Collected data
____

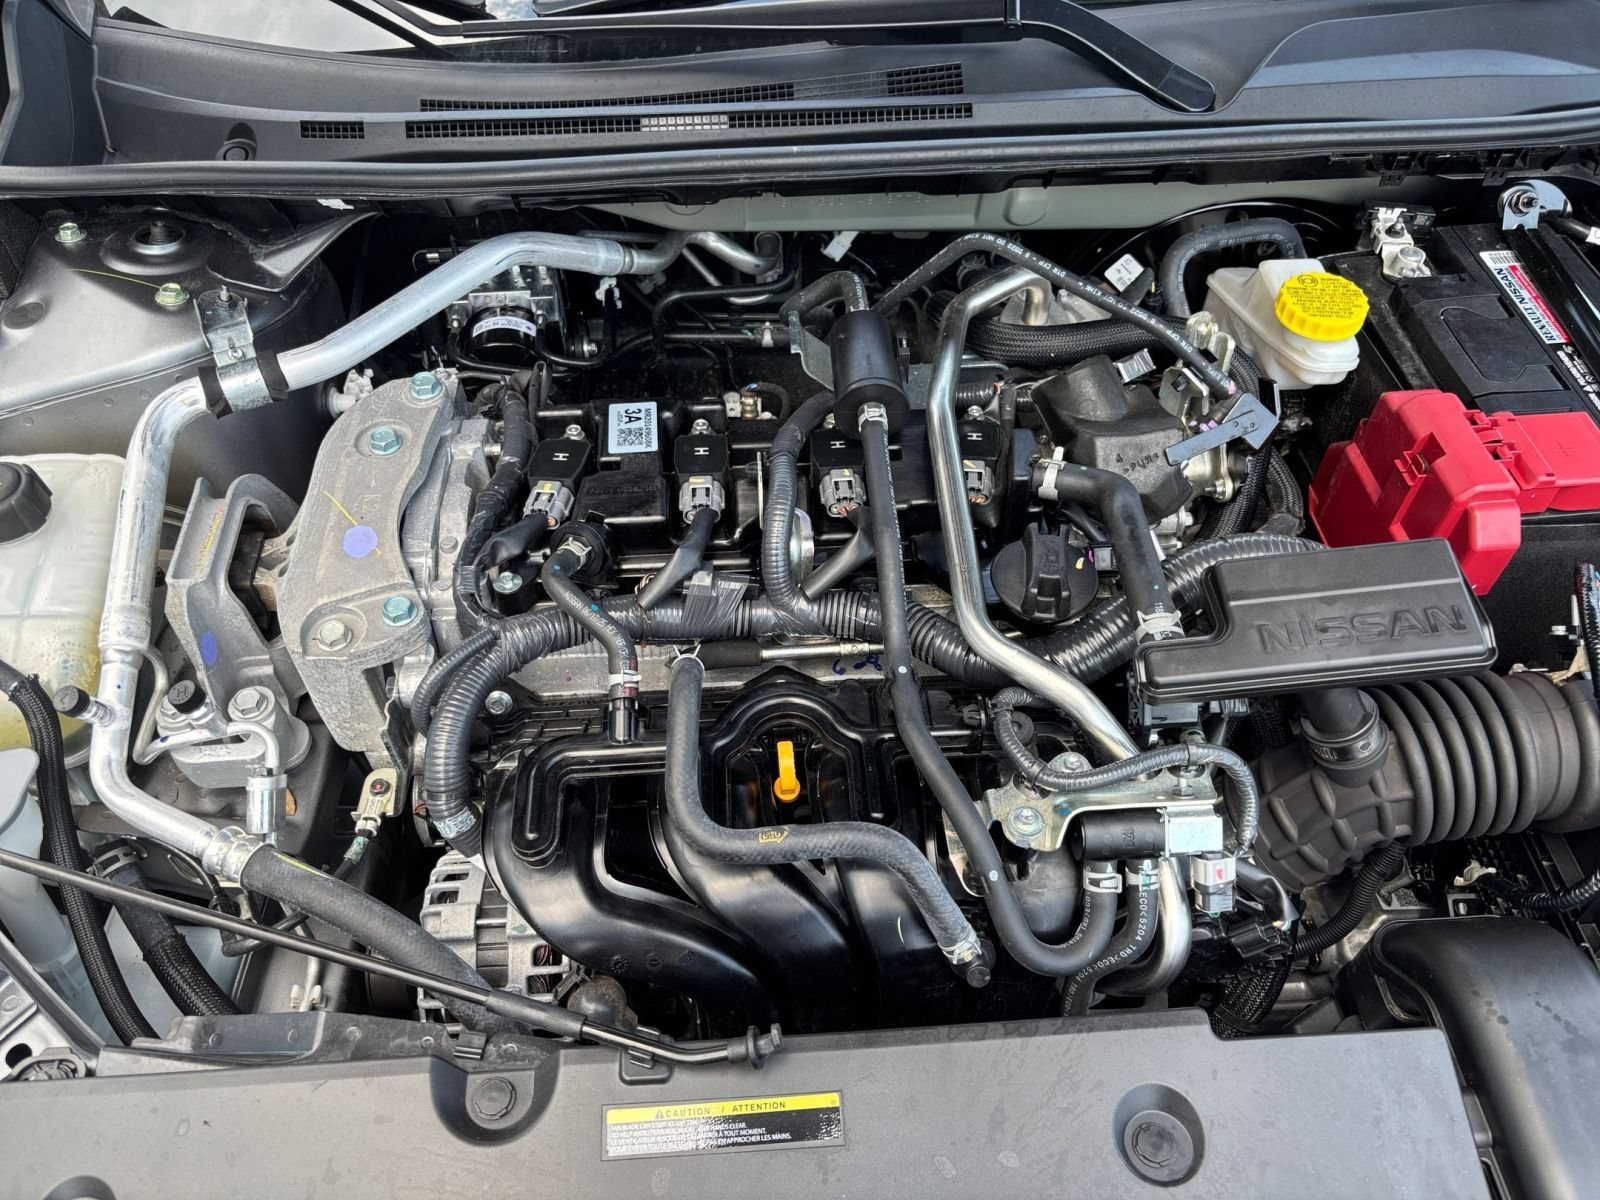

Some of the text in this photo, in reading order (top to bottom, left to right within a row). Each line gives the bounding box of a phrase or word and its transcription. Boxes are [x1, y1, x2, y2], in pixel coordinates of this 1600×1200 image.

[1494, 267, 1529, 305] NISSAN
[1524, 305, 1556, 342] RENAULT
[624, 408, 642, 424] 3A
[1256, 604, 1468, 653] NISSAN
[665, 1106, 711, 1118] CAUTION
[732, 1101, 786, 1112] ATTENTION
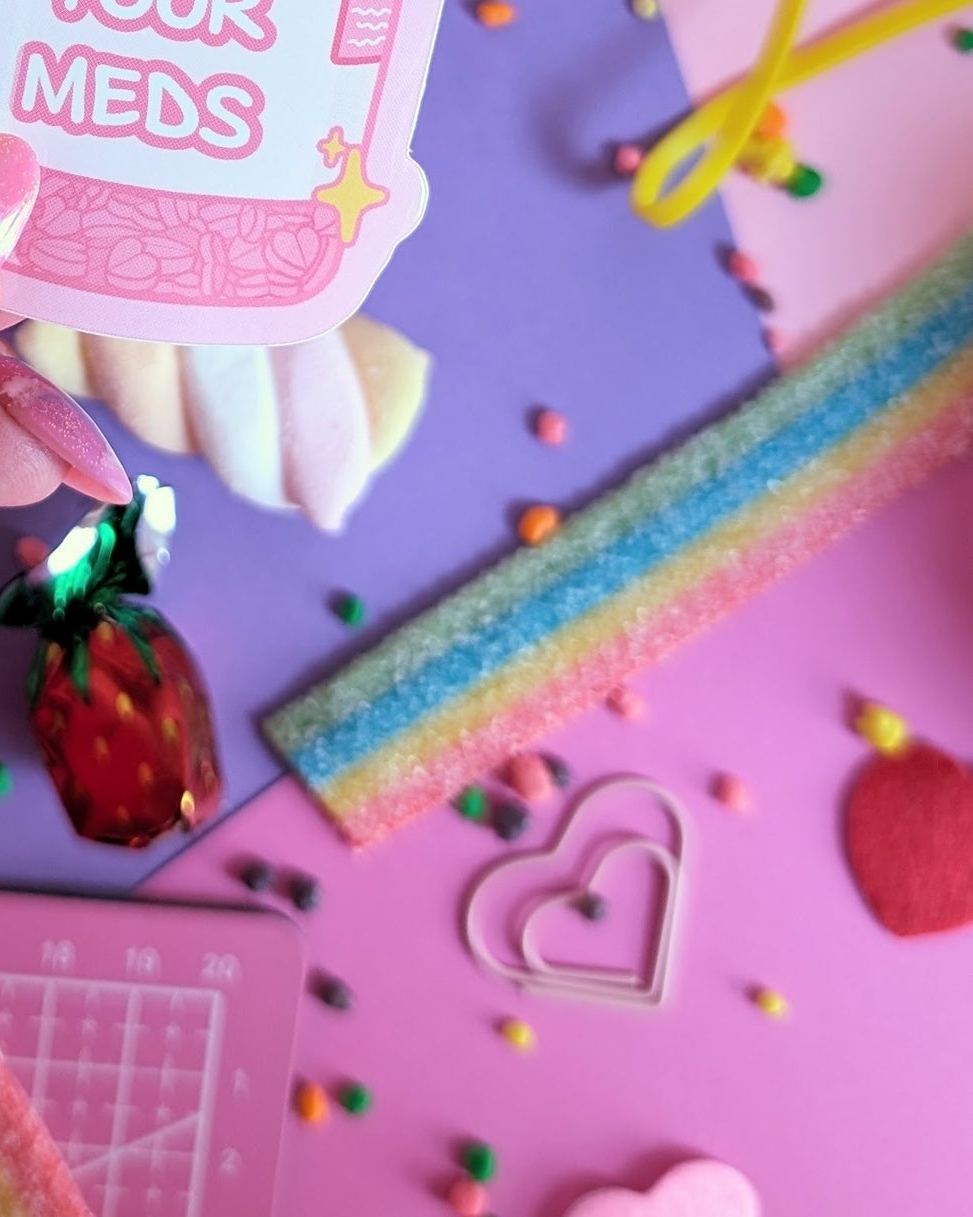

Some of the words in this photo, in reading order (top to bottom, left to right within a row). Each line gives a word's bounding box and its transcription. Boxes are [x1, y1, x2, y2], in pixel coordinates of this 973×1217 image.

[16, 48, 261, 153] MEDS
[41, 938, 76, 970] 18
[125, 945, 162, 977] 19
[201, 952, 241, 982] 20
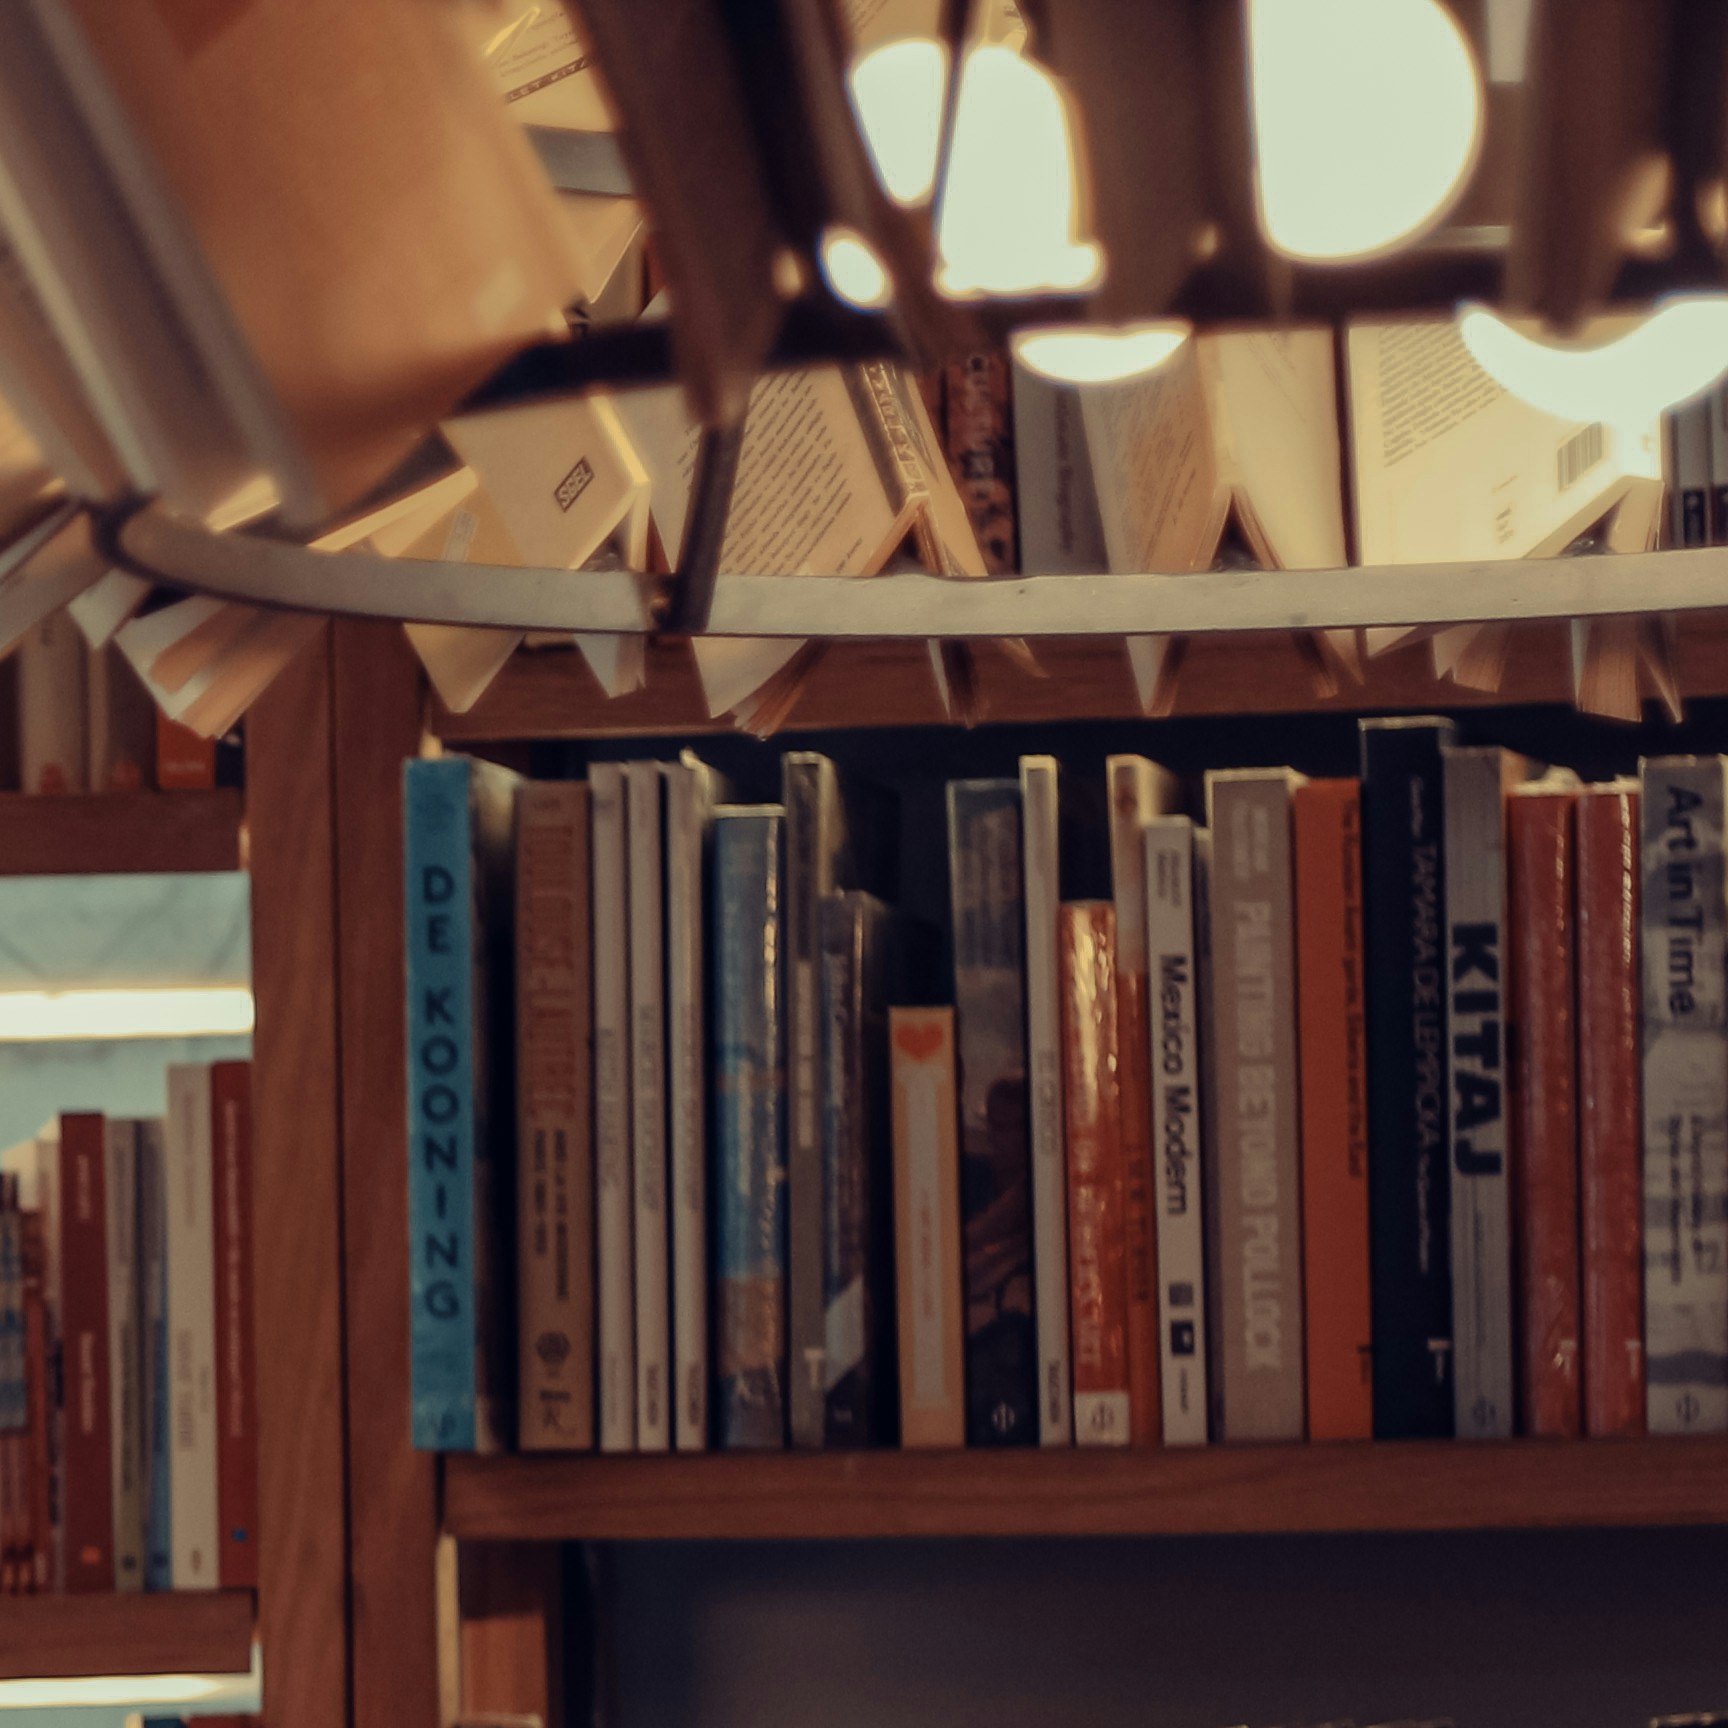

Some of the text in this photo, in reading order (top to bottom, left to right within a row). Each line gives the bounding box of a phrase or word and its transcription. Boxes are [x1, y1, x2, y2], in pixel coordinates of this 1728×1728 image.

[1664, 781, 1705, 1018] Art in Time
[420, 866, 460, 1320] DE KOONING
[1158, 954, 1193, 1217] Mexico Modern
[1451, 920, 1504, 1177] KITAJ

____

Would you please write out the entries in full, exactly as they read, but without pictures?

» Task output
Some of the text in this photo, in reading order (top to bottom, left to right within a row). Each line gives the bounding box of a phrase or word and its transcription. Boxes are [x1, y1, x2, y2], in pixel coordinates of this 1600×1200 image.

[1494, 267, 1529, 305] NISSAN
[1524, 305, 1556, 342] RENAULT
[624, 408, 642, 424] 3A
[1256, 604, 1468, 653] NISSAN
[665, 1106, 711, 1118] CAUTION
[732, 1101, 786, 1112] ATTENTION

Some of the words in this photo, in reading order (top to bottom, left to right within a row). Each line gives a word's bounding box and its transcription. Boxes are [x1, y1, x2, y2], in pixel coordinates of this 973×1217 image.

[16, 48, 261, 153] MEDS
[41, 938, 76, 970] 18
[125, 945, 162, 977] 19
[201, 952, 241, 982] 20

Some of the text in this photo, in reading order (top to bottom, left to right within a row). Each line gives the bounding box of a phrase or word and its transcription. Boxes are [x1, y1, x2, y2], in pixel coordinates of this 1728×1728 image.

[1664, 781, 1705, 1018] Art in Time
[420, 866, 460, 1320] DE KOONING
[1158, 954, 1193, 1217] Mexico Modern
[1451, 920, 1504, 1177] KITAJ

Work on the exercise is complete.